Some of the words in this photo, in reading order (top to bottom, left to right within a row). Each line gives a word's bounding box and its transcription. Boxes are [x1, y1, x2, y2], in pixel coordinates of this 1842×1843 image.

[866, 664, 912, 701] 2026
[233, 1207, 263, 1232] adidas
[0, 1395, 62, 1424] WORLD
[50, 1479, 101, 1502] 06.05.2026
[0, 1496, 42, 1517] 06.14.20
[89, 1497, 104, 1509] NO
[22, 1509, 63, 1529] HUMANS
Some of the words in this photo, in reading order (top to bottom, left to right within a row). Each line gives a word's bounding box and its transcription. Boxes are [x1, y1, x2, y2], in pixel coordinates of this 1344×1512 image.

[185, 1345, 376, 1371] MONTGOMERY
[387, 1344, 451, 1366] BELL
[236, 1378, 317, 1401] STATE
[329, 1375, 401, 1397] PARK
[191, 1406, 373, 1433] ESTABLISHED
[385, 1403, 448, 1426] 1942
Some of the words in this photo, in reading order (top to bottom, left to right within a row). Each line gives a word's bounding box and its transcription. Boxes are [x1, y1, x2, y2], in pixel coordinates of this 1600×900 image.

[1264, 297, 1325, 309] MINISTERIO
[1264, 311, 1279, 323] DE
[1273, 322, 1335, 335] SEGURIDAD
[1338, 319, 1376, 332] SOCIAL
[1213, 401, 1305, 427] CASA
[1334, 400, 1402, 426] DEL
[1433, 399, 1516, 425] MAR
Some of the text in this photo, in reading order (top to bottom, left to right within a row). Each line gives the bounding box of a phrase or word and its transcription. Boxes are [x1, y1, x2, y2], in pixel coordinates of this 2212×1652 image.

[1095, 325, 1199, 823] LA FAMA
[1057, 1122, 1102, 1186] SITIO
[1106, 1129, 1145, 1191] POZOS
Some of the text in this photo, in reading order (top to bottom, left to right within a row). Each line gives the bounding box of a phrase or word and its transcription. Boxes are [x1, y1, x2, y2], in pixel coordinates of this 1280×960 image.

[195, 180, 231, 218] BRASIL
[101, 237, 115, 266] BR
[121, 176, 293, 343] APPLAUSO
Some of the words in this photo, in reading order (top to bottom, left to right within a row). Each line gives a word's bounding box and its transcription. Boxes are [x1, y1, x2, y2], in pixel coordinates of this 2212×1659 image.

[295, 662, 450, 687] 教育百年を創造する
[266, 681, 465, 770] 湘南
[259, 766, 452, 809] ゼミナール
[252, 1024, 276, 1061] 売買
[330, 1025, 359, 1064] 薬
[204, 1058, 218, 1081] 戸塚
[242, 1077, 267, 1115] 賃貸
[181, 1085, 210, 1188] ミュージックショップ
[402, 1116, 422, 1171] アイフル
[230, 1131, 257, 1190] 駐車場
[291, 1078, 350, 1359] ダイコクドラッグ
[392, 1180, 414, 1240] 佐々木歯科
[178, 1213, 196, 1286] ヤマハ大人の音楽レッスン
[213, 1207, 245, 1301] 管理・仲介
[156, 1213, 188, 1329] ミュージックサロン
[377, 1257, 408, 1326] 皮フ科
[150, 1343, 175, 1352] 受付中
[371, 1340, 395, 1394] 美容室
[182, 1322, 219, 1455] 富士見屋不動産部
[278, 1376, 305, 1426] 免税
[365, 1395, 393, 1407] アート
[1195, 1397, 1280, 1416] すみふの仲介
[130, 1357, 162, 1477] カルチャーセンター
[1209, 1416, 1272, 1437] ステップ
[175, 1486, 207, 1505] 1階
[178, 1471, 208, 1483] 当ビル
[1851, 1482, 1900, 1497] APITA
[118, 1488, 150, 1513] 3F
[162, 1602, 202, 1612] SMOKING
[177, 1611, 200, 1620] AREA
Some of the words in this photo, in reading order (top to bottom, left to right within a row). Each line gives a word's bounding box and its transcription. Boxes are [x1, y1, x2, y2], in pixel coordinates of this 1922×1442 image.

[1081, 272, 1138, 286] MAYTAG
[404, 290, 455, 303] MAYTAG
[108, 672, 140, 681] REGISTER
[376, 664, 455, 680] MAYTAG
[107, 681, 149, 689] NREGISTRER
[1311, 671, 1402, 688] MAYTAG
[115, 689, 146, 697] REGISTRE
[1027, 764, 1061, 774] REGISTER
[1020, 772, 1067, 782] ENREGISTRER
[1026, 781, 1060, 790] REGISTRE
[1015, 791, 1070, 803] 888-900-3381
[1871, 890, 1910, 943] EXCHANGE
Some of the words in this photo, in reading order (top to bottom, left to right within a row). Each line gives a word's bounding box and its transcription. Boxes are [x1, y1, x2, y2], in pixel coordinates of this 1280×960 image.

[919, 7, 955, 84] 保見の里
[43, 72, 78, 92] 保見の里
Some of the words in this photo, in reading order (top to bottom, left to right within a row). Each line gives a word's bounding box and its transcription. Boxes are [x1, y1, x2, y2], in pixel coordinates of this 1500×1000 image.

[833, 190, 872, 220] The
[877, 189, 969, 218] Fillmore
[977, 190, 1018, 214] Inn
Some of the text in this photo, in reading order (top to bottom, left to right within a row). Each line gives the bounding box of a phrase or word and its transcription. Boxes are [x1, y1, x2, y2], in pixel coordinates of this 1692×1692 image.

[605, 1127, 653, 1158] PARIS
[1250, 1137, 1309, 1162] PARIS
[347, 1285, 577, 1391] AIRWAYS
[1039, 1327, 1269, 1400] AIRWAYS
##############################
Activity → Your answer should consist of every record, restated exactly.

Written response →
Some of the words in this photo, in reading order (top to bottom, left to right within a row). Each line gives a word's bounding box and its transcription. Boxes are [x1, y1, x2, y2], in pixel coordinates of this 1842×1843 image.

[866, 664, 912, 701] 2026
[233, 1207, 263, 1232] adidas
[0, 1395, 62, 1424] WORLD
[50, 1479, 101, 1502] 06.05.2026
[0, 1496, 42, 1517] 06.14.20
[89, 1497, 104, 1509] NO
[22, 1509, 63, 1529] HUMANS
Some of the words in this photo, in reading order (top to bottom, left to right within a row). Each line gives a word's bounding box and its transcription. Boxes are [x1, y1, x2, y2], in pixel coordinates of this 1344×1512 image.

[185, 1345, 376, 1371] MONTGOMERY
[387, 1344, 451, 1366] BELL
[236, 1378, 317, 1401] STATE
[329, 1375, 401, 1397] PARK
[191, 1406, 373, 1433] ESTABLISHED
[385, 1403, 448, 1426] 1942
Some of the words in this photo, in reading order (top to bottom, left to right within a row). Each line gives a word's bounding box and its transcription. Boxes are [x1, y1, x2, y2], in pixel coordinates of this 1600×900 image.

[1264, 297, 1325, 309] MINISTERIO
[1264, 311, 1279, 323] DE
[1273, 322, 1335, 335] SEGURIDAD
[1338, 319, 1376, 332] SOCIAL
[1213, 401, 1305, 427] CASA
[1334, 400, 1402, 426] DEL
[1433, 399, 1516, 425] MAR
Some of the text in this photo, in reading order (top to bottom, left to right within a row). Each line gives the bounding box of a phrase or word and its transcription. Boxes are [x1, y1, x2, y2], in pixel coordinates of this 2212×1652 image.

[1095, 325, 1199, 823] LA FAMA
[1057, 1122, 1102, 1186] SITIO
[1106, 1129, 1145, 1191] POZOS
Some of the text in this photo, in reading order (top to bottom, left to right within a row). Each line gives the bounding box of a phrase or word and its transcription. Boxes are [x1, y1, x2, y2], in pixel coordinates of this 1280×960 image.

[195, 180, 231, 218] BRASIL
[101, 237, 115, 266] BR
[121, 176, 293, 343] APPLAUSO
Some of the words in this photo, in reading order (top to bottom, left to right within a row). Each line gives a word's bounding box and its transcription. Boxes are [x1, y1, x2, y2], in pixel coordinates of this 2212×1659 image.

[295, 662, 450, 687] 教育百年を創造する
[266, 681, 465, 770] 湘南
[259, 766, 452, 809] ゼミナール
[252, 1024, 276, 1061] 売買
[330, 1025, 359, 1064] 薬
[204, 1058, 218, 1081] 戸塚
[242, 1077, 267, 1115] 賃貸
[181, 1085, 210, 1188] ミュージックショップ
[402, 1116, 422, 1171] アイフル
[230, 1131, 257, 1190] 駐車場
[291, 1078, 350, 1359] ダイコクドラッグ
[392, 1180, 414, 1240] 佐々木歯科
[178, 1213, 196, 1286] ヤマハ大人の音楽レッスン
[213, 1207, 245, 1301] 管理・仲介
[156, 1213, 188, 1329] ミュージックサロン
[377, 1257, 408, 1326] 皮フ科
[150, 1343, 175, 1352] 受付中
[371, 1340, 395, 1394] 美容室
[182, 1322, 219, 1455] 富士見屋不動産部
[278, 1376, 305, 1426] 免税
[365, 1395, 393, 1407] アート
[1195, 1397, 1280, 1416] すみふの仲介
[130, 1357, 162, 1477] カルチャーセンター
[1209, 1416, 1272, 1437] ステップ
[175, 1486, 207, 1505] 1階
[178, 1471, 208, 1483] 当ビル
[1851, 1482, 1900, 1497] APITA
[118, 1488, 150, 1513] 3F
[162, 1602, 202, 1612] SMOKING
[177, 1611, 200, 1620] AREA
Some of the words in this photo, in reading order (top to bottom, left to right within a row). Each line gives a word's bounding box and its transcription. Boxes are [x1, y1, x2, y2], in pixel coordinates of this 1922×1442 image.

[1081, 272, 1138, 286] MAYTAG
[404, 290, 455, 303] MAYTAG
[108, 672, 140, 681] REGISTER
[376, 664, 455, 680] MAYTAG
[107, 681, 149, 689] NREGISTRER
[1311, 671, 1402, 688] MAYTAG
[115, 689, 146, 697] REGISTRE
[1027, 764, 1061, 774] REGISTER
[1020, 772, 1067, 782] ENREGISTRER
[1026, 781, 1060, 790] REGISTRE
[1015, 791, 1070, 803] 888-900-3381
[1871, 890, 1910, 943] EXCHANGE
Some of the words in this photo, in reading order (top to bottom, left to right within a row). Each line gives a word's bounding box and its transcription. Boxes are [x1, y1, x2, y2], in pixel coordinates of this 1280×960 image.

[919, 7, 955, 84] 保見の里
[43, 72, 78, 92] 保見の里
Some of the words in this photo, in reading order (top to bottom, left to right within a row). Each line gives a word's bounding box and its transcription. Boxes are [x1, y1, x2, y2], in pixel coordinates of this 1500×1000 image.

[833, 190, 872, 220] The
[877, 189, 969, 218] Fillmore
[977, 190, 1018, 214] Inn
Some of the text in this photo, in reading order (top to bottom, left to right within a row). Each line gives the bounding box of a phrase or word and its transcription. Boxes are [x1, y1, x2, y2], in pixel coordinates of this 1692×1692 image.

[605, 1127, 653, 1158] PARIS
[1250, 1137, 1309, 1162] PARIS
[347, 1285, 577, 1391] AIRWAYS
[1039, 1327, 1269, 1400] AIRWAYS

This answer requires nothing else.